▶ [WHAT THE TASK REQUIRES]: Leaving the images out, output each entry below exactly.

▶ [EXERCISE DATA]:
+ + + + +

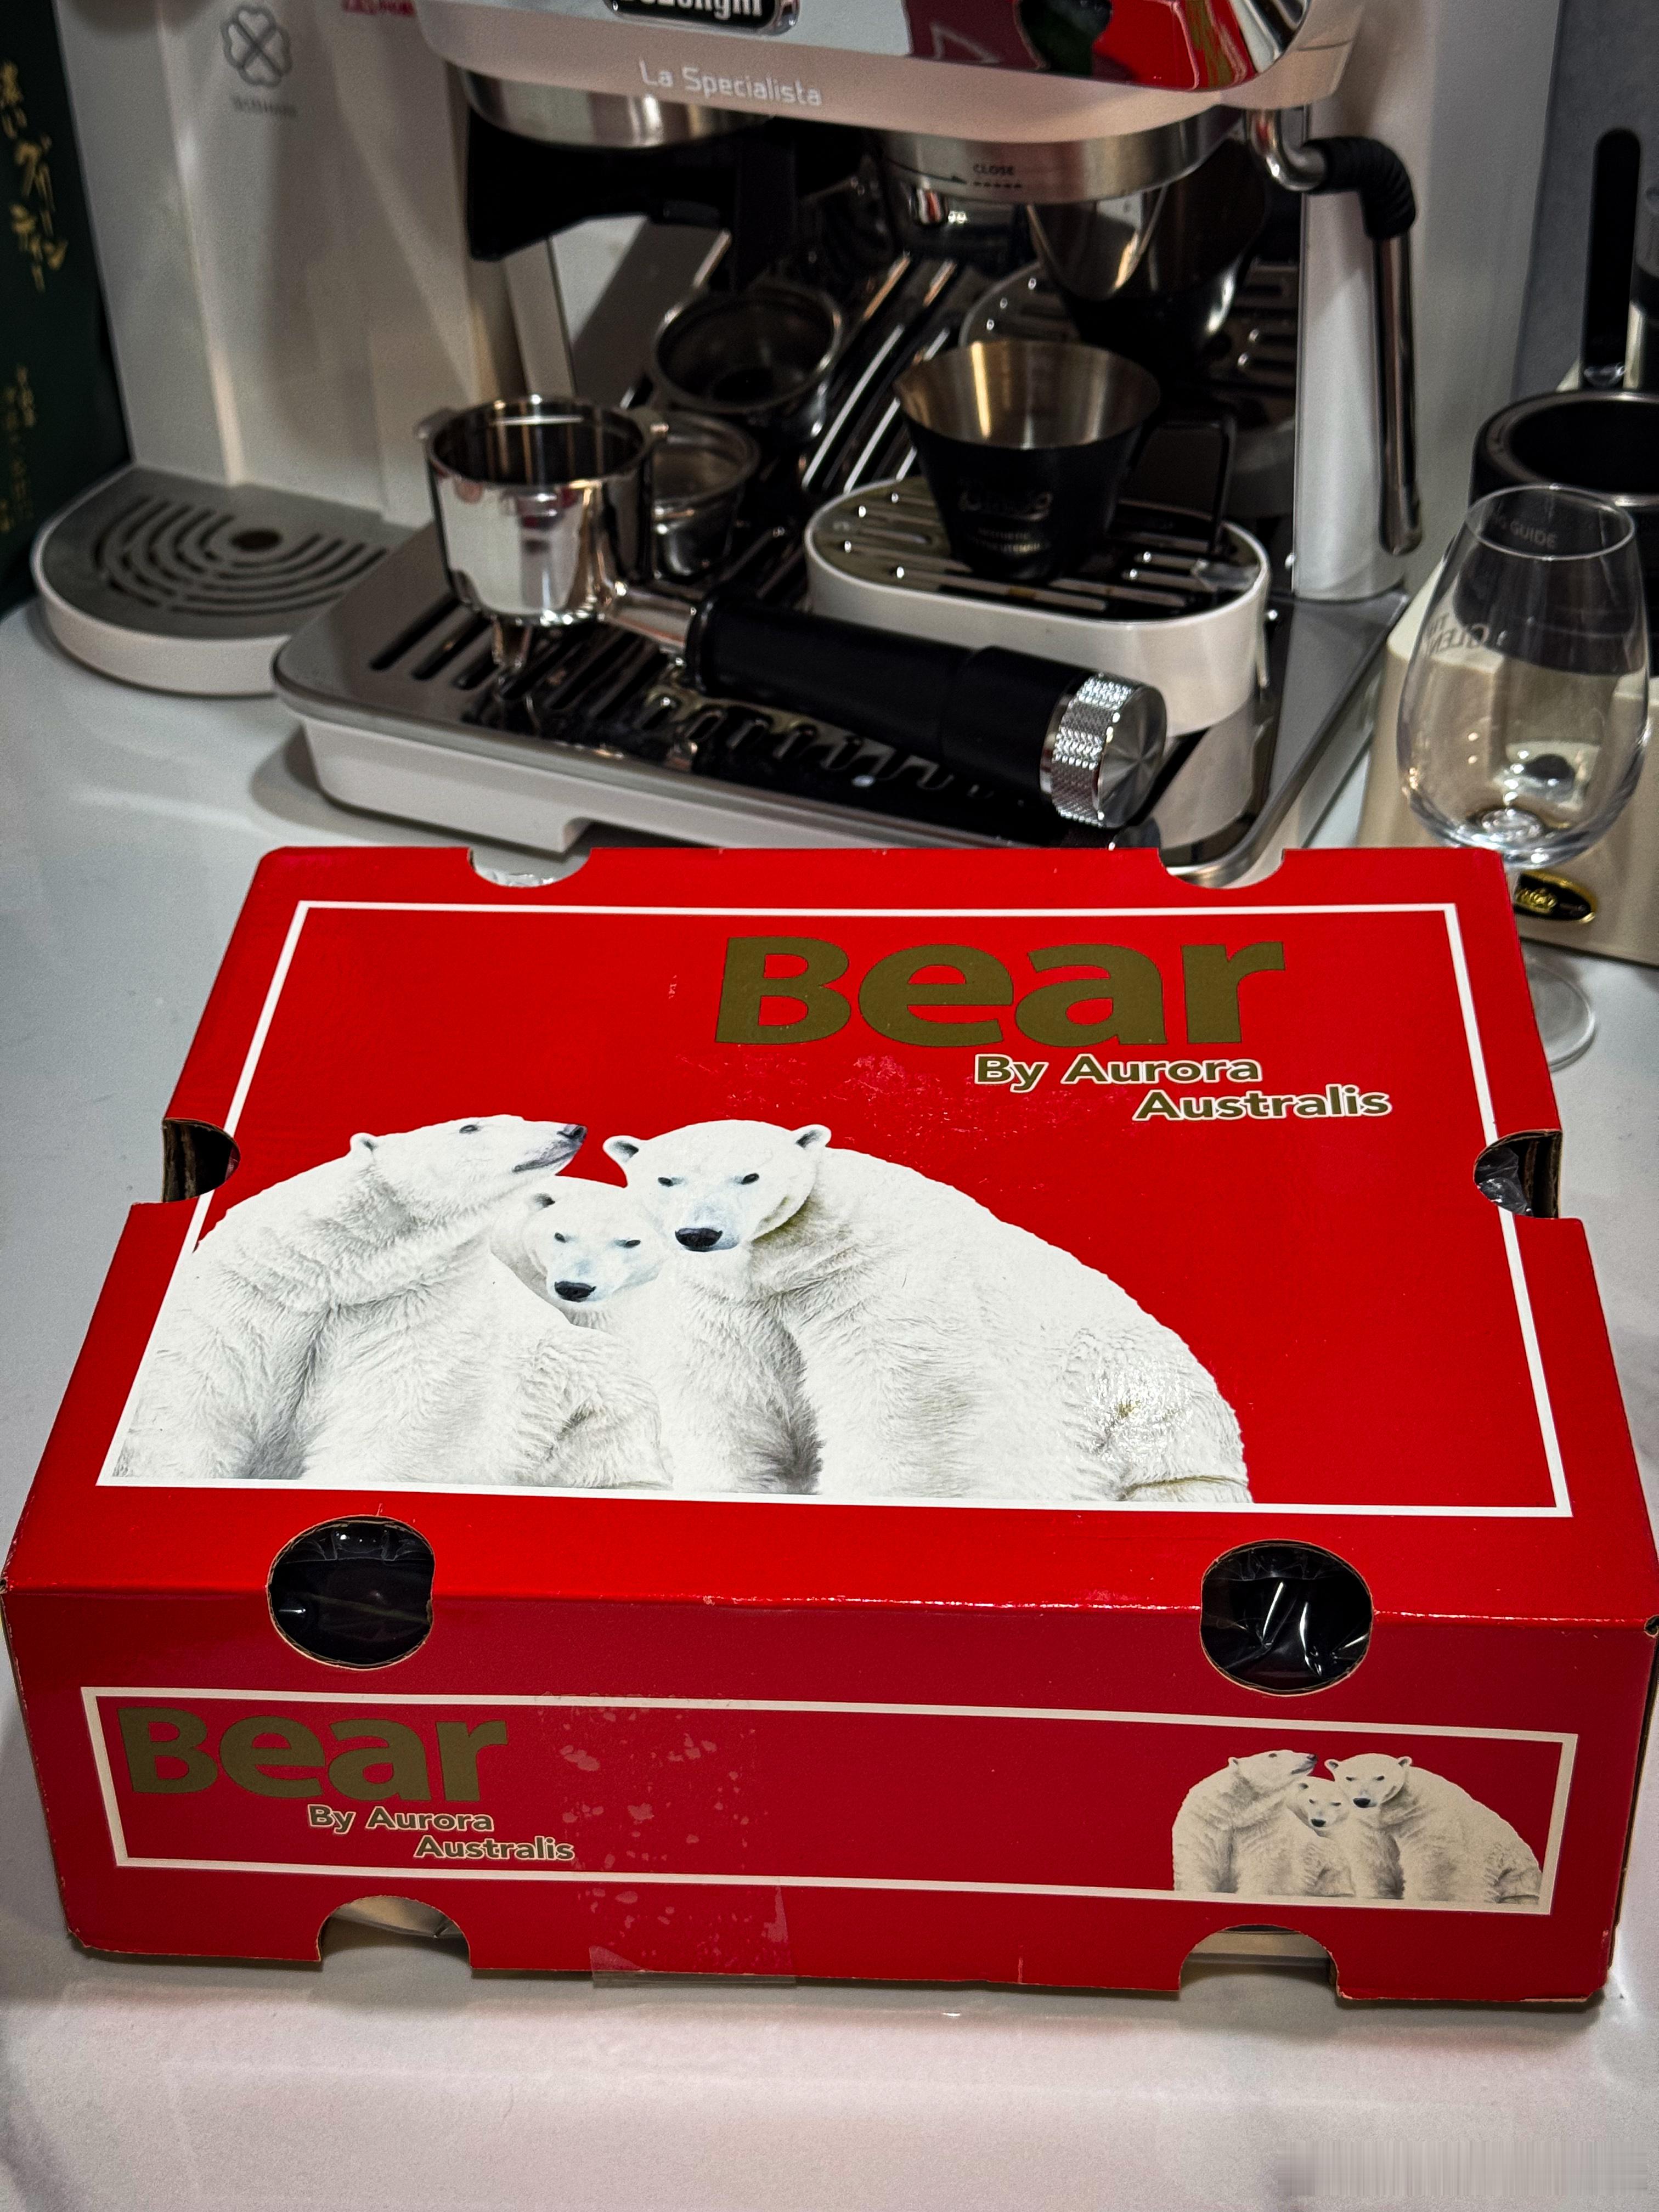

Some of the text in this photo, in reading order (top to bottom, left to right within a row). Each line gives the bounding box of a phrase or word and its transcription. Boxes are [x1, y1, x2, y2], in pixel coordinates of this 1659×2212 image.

[639, 59, 822, 106] La Specialista
[973, 163, 1014, 176] CLOSE
[714, 935, 1286, 1048] Bear
[974, 1053, 1262, 1093] By Aurora
[1132, 1084, 1393, 1121] Australis
[117, 1707, 508, 1802] Bear
[307, 1804, 495, 1835] By Aurora
[413, 1835, 575, 1861] Australis
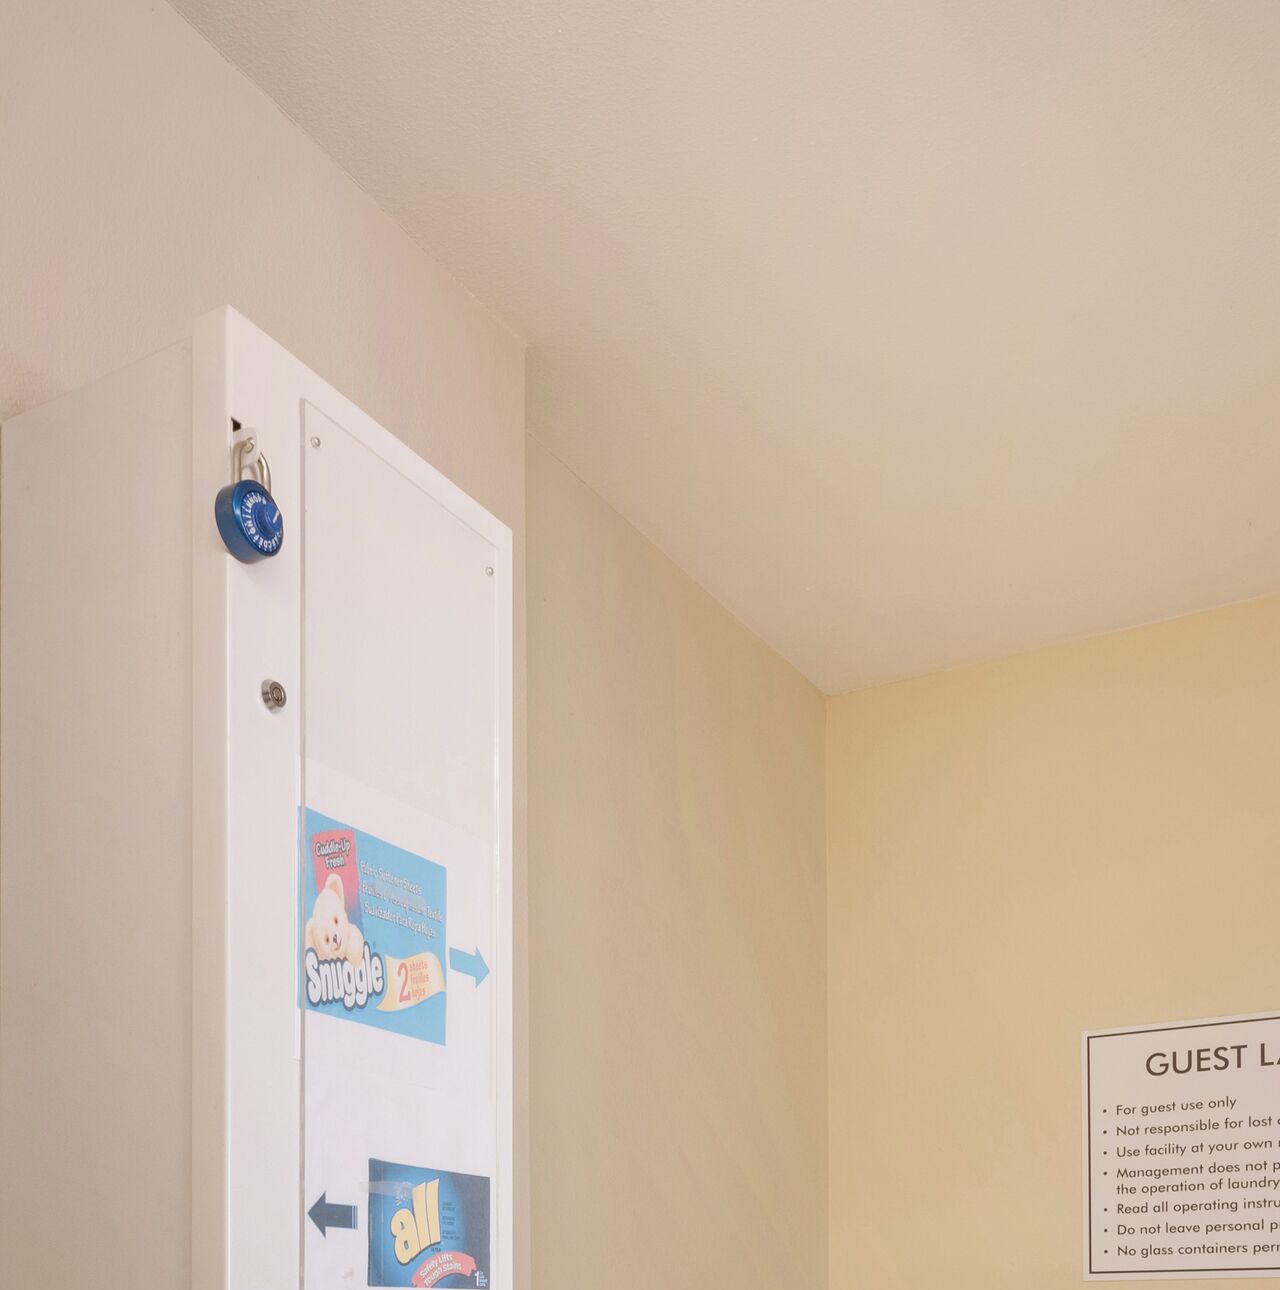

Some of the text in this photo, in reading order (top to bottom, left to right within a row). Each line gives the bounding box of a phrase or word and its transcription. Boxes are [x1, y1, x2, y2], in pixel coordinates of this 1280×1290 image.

[325, 855, 346, 869] Fresh
[305, 942, 384, 1010] Snuggle
[397, 962, 411, 1003] 2
[1145, 1044, 1248, 1077] GUEST
[1116, 1095, 1237, 1117] For guest use only
[1116, 1125, 1140, 1137] Not
[1144, 1118, 1220, 1137] responsible
[1223, 1117, 1244, 1129] for
[1248, 1115, 1273, 1128] lost
[1116, 1146, 1141, 1158] Use
[1144, 1142, 1187, 1157] facility
[1190, 1142, 1204, 1153] at
[1208, 1142, 1239, 1155] your
[1243, 1140, 1273, 1150] own
[1116, 1164, 1204, 1180] Management
[1208, 1161, 1241, 1174] does
[1245, 1160, 1268, 1172] not
[1116, 1183, 1137, 1195] the
[1141, 1181, 1205, 1196] operation
[1209, 1177, 1224, 1191] of
[1227, 1175, 1280, 1191] laundry
[1117, 1201, 1149, 1215] Read
[1152, 1200, 1169, 1213] all
[1173, 1200, 1238, 1215] operating
[390, 1178, 441, 1265] all
[1117, 1224, 1136, 1236] Do
[1140, 1223, 1161, 1235] not
[1165, 1221, 1201, 1234] leave
[1205, 1218, 1265, 1235] personal
[1117, 1245, 1137, 1257] No
[1140, 1243, 1174, 1259] glass
[1177, 1242, 1249, 1255] containers
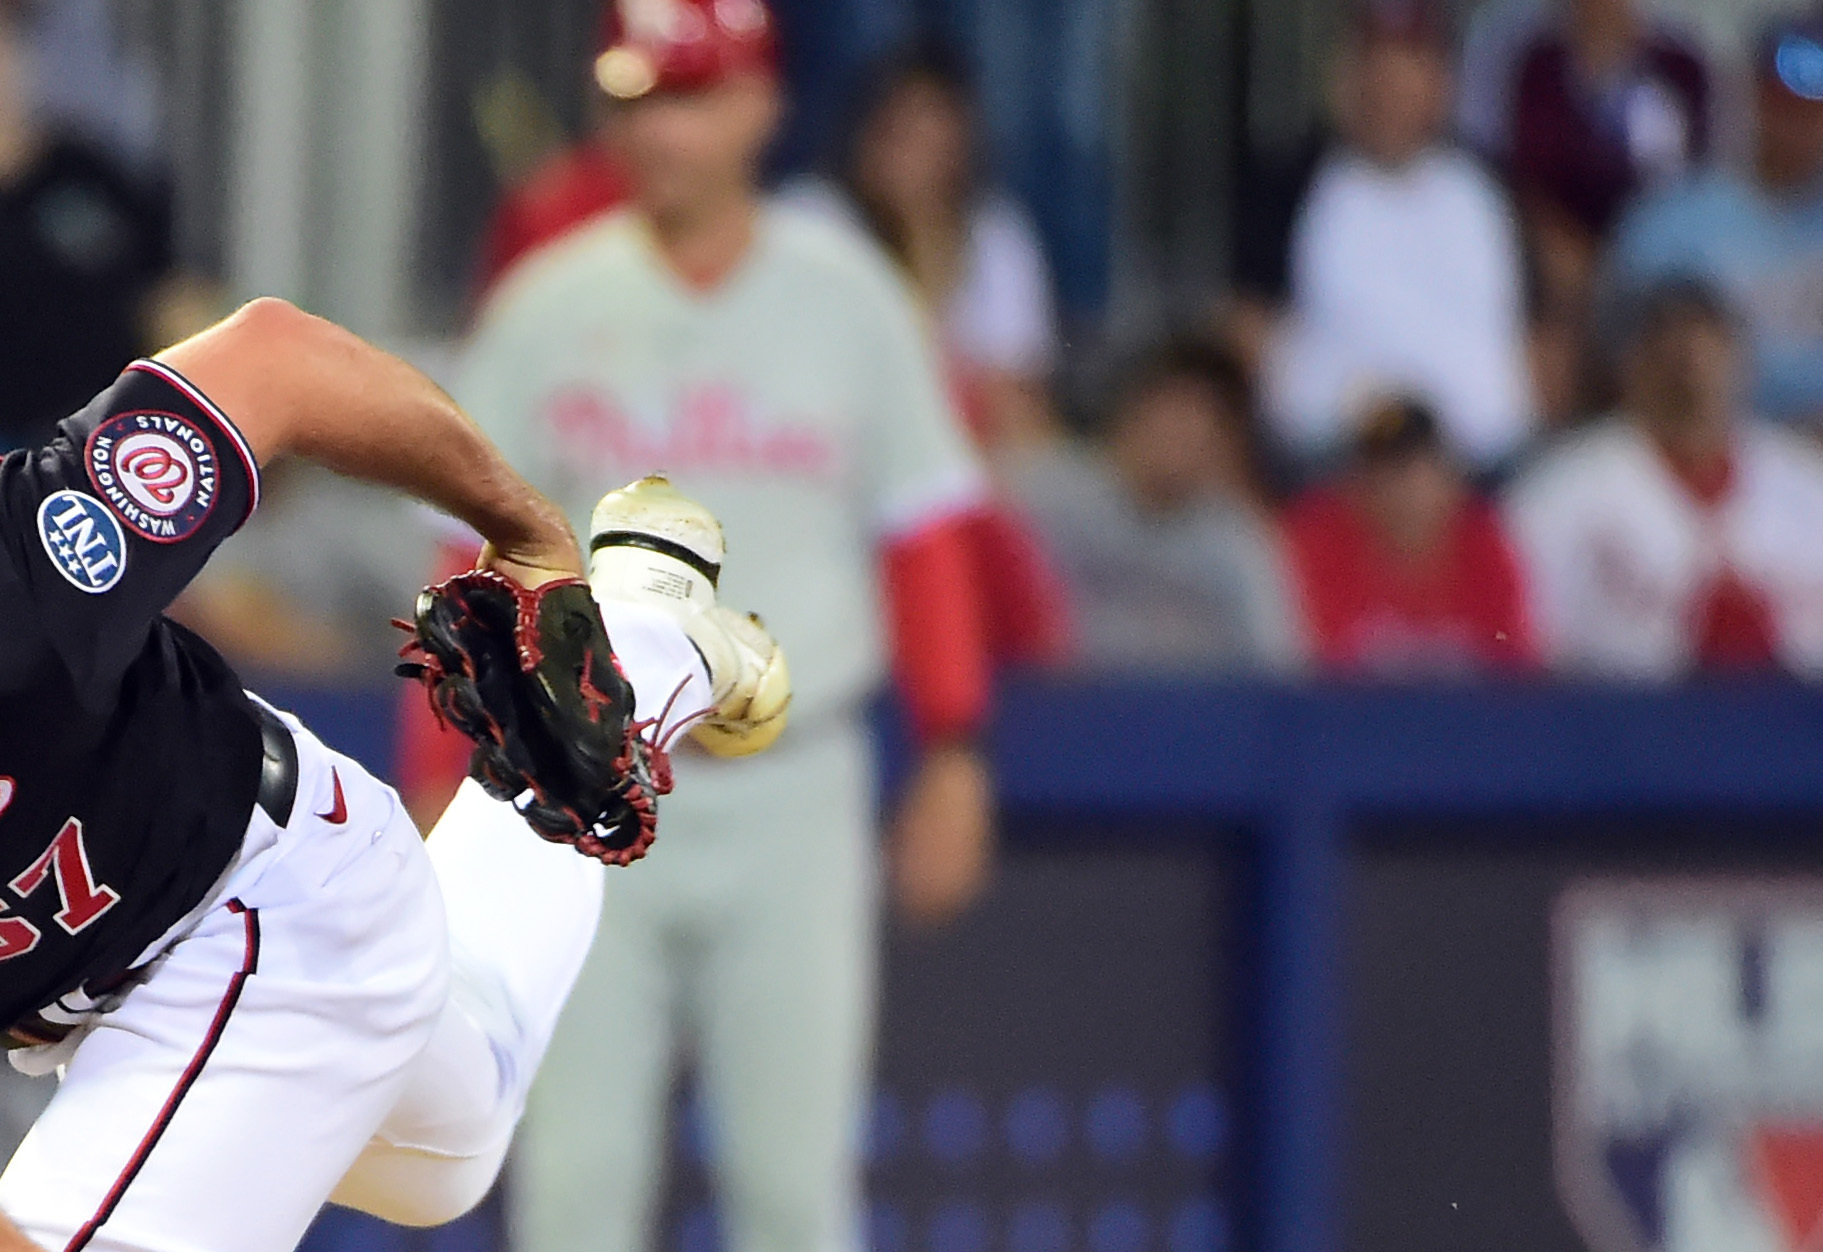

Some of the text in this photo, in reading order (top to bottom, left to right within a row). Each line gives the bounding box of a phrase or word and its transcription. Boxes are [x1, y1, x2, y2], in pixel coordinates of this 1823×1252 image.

+ + + + +

▶ [YOUR SOLUTION]:
Some of the text in this photo, in reading order (top to bottom, left to right within a row). Each line gives the bounding box of a phrase or word and its transcription. Boxes are [x1, y1, x2, y2], in pixel coordinates of this 1659×2212 image.

[639, 59, 822, 106] La Specialista
[973, 163, 1014, 176] CLOSE
[714, 935, 1286, 1048] Bear
[974, 1053, 1262, 1093] By Aurora
[1132, 1084, 1393, 1121] Australis
[117, 1707, 508, 1802] Bear
[307, 1804, 495, 1835] By Aurora
[413, 1835, 575, 1861] Australis

Some of the text in this photo, in reading order (top to bottom, left to right within a row). Each line gives the bounding box of a phrase or word and its transcription. Boxes are [x1, y1, x2, y2], in pixel coordinates of this 1280×1290 image.

[325, 855, 346, 869] Fresh
[305, 942, 384, 1010] Snuggle
[397, 962, 411, 1003] 2
[1145, 1044, 1248, 1077] GUEST
[1116, 1095, 1237, 1117] For guest use only
[1116, 1125, 1140, 1137] Not
[1144, 1118, 1220, 1137] responsible
[1223, 1117, 1244, 1129] for
[1248, 1115, 1273, 1128] lost
[1116, 1146, 1141, 1158] Use
[1144, 1142, 1187, 1157] facility
[1190, 1142, 1204, 1153] at
[1208, 1142, 1239, 1155] your
[1243, 1140, 1273, 1150] own
[1116, 1164, 1204, 1180] Management
[1208, 1161, 1241, 1174] does
[1245, 1160, 1268, 1172] not
[1116, 1183, 1137, 1195] the
[1141, 1181, 1205, 1196] operation
[1209, 1177, 1224, 1191] of
[1227, 1175, 1280, 1191] laundry
[1117, 1201, 1149, 1215] Read
[1152, 1200, 1169, 1213] all
[1173, 1200, 1238, 1215] operating
[390, 1178, 441, 1265] all
[1117, 1224, 1136, 1236] Do
[1140, 1223, 1161, 1235] not
[1165, 1221, 1201, 1234] leave
[1205, 1218, 1265, 1235] personal
[1117, 1245, 1137, 1257] No
[1140, 1243, 1174, 1259] glass
[1177, 1242, 1249, 1255] containers

Some of the text in this photo, in reading order (top to bottom, left to right within a row). Each line gives the bounding box of a phrase or word and its transcription. Boxes are [x1, y1, x2, y2], in pixel coordinates of this 1823×1252 image.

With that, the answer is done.